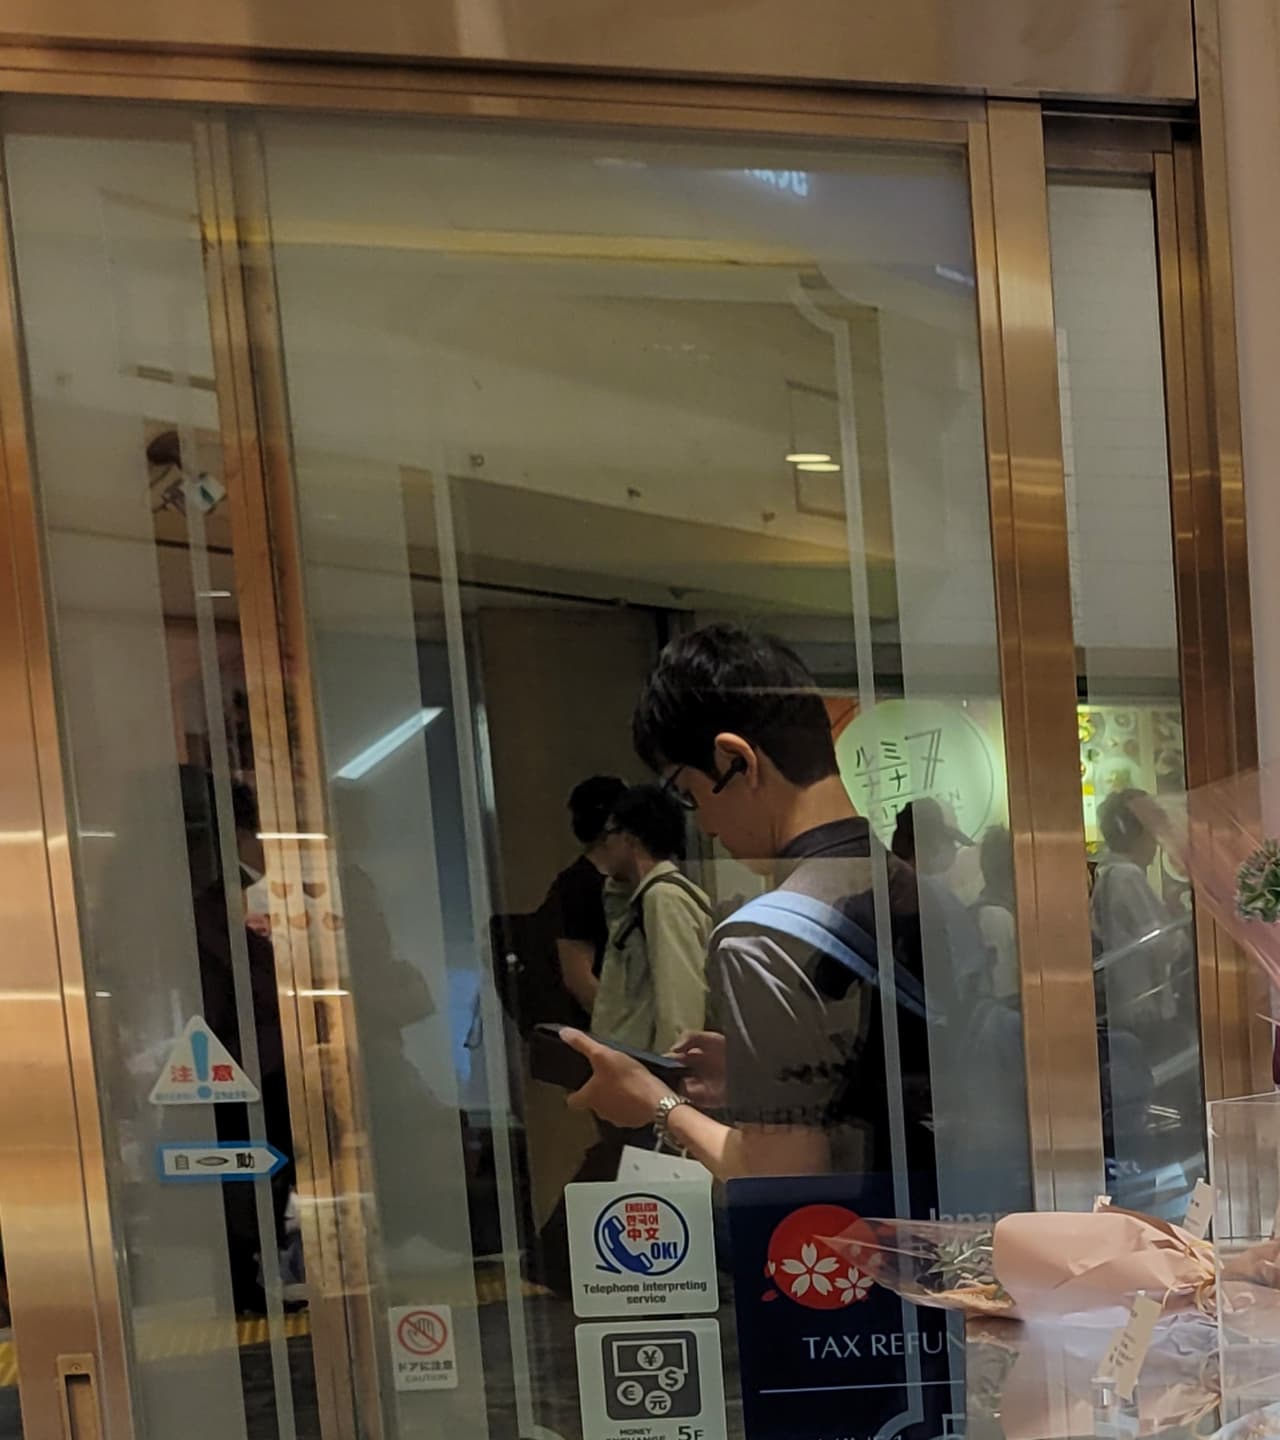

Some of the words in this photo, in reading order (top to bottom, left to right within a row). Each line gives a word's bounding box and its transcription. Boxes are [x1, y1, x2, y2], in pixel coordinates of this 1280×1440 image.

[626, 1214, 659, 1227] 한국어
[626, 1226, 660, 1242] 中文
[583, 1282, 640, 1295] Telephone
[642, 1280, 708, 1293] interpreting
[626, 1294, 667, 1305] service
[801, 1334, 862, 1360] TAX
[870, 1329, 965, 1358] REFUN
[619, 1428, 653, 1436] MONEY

* EXERCISE AIM
Strip the images and return the remaining data exactly.

* RESPONSE AREA
Some of the words in this photo, in reading order (top to bottom, left to right within a row). Each line gives a word's bounding box and its transcription. Boxes are [x1, y1, x2, y2], in pixel coordinates of this 1280×1440 image.

[626, 1214, 659, 1227] 한국어
[626, 1226, 660, 1242] 中文
[583, 1282, 640, 1295] Telephone
[642, 1280, 708, 1293] interpreting
[626, 1294, 667, 1305] service
[801, 1334, 862, 1360] TAX
[870, 1329, 965, 1358] REFUN
[619, 1428, 653, 1436] MONEY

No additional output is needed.